The S&P index slid 1.3% after Trump tweeted his mandate. The benchmark index had been up 0.7% just prior to the president’s announcement with about an hour of trading left.
In a series of tweets about the negotiations between the White House and Speaker Nancy Pelosi, Trump said: “I have instructed my representatives to stop negotiating until after the election when, immediately after I win, we will pass a major stimulus bill that focuses on hardworking Americans and small business.” He also accused Pelosi of not negotiating in good faith.
Trump’s announcement dashes Wall Street’s hopes that another round of stimulus for the economy, which has been punched into a recession by shutdowns related to the coronavirus pandemic, could soon be on the way. Bitter partisanship on Capitol Hill has been preventing a compromise on more aid. Reports on the economy have been mixed recently, as some areas show a slowdown after extra unemployment benefits and other stimulus earlier approved by Congress expired.
The Dow Jones Industrial Average was down 359 points, or 1.3%, to 27,785 as of 3:19 p.m. Eastern time. The Nasdaq composite was down 1.4%. Small stocks were holding up better than the rest of the market.
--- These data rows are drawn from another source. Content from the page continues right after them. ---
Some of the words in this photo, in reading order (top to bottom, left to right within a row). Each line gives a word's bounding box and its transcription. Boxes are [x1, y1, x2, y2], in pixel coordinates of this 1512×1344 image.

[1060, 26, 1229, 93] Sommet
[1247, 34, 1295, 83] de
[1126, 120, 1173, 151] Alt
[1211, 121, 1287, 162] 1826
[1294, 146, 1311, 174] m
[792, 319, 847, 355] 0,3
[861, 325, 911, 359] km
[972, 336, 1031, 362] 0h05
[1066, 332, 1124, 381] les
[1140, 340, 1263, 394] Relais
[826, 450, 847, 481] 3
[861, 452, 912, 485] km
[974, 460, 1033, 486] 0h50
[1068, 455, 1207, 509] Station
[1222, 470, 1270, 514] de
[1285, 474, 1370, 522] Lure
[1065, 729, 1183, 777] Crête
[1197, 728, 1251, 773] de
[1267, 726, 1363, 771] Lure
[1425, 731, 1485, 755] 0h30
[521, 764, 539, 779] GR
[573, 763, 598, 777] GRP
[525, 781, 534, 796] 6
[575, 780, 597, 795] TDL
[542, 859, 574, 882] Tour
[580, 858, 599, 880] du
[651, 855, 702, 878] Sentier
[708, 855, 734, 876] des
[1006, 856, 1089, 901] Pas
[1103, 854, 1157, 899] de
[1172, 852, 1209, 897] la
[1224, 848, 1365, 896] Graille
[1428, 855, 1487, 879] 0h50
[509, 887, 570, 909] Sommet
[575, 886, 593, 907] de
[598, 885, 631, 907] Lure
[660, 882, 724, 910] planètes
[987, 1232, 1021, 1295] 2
The Russell 2000 index of small-cap stocks was up 0.2%.
The market’s slide comes a day after the S&P 500 posted its best day in more than three weeks. Other stock markets around the world made mostly modest gains. Longer-term Treasury yields veered lower after Trump’s remarks. They had earlier been hanging close to their highest levels in months.
The selling was widespread, led by technology stocks and companies that rely on consumer spending. Utilities were the only gainers among the 11 sectors in the S&P 500.
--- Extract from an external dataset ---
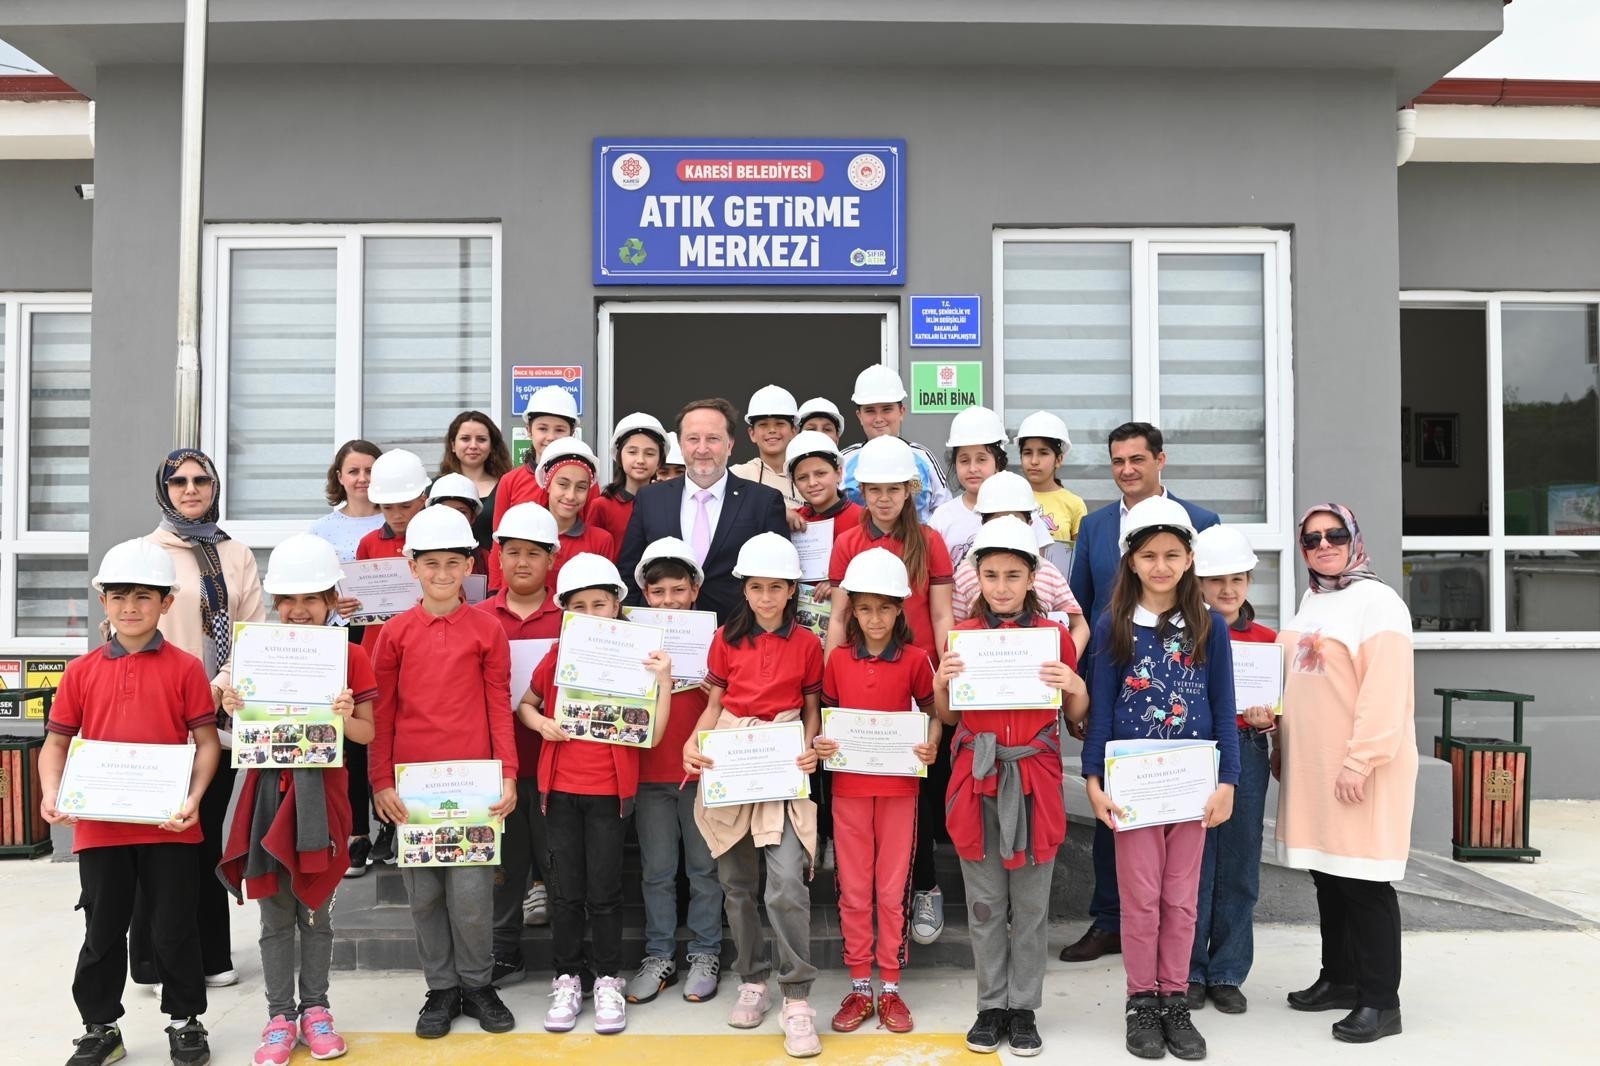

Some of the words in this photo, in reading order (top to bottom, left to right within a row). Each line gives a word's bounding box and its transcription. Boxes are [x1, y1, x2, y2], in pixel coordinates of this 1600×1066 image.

A report on Tuesday showed that U.S. employers advertised slightly fewer job openings in August than the prior month. But the number was nevertheless better than economists expected.
Trading on Wall Street has gotten even shakier recently as investors contend with a long list of uncertainties, from Trump’s COVID-19 diagnosis to waxing and waning expectations about Congress’ ability to deliver another round of stimulus for the economy.
The S&P 500 jumped 1.8% on Monday after Trump said he’s returning to the White House to complete his recovery from the coronavirus, though his medical team said he’s not yet fully “out of the woods.”
Powell has repeatedly urged Congress to provide additional aid, saying the Fed can’t prop up the economy by itself, even with interest rates at record lows. “The expansion is still far from complete,” Powell said in a speech to the National Association for Business Economics, group of corporate and academic economists.
Several big challenges lie ahead of markets. Chief among them is the still-raging pandemic, as so clearly illustrated by Trump’s stay in the hospital. The worry is that a ramp-up in infections could cause governments to bring back some of the restrictions they put on businesses early this year, which sent the economy hurtling into a recession.
“We’re on the eve of earnings season and people are reasonably undecided as to whether the correction that started in September has further to run,” said Julian Emanuel, BTIG chief equity and derivatives strategist.
The upcoming election also still means a host of uncertainty about tax rates and regulations on businesses, while tensions between the United States and China continue to simmer.
The yield on the 10-year Treasury note fell to 0.75% from 0.78% late Monday. While that’s still very low, the yield has been generally climbing since dropping close to 0.50% in early August.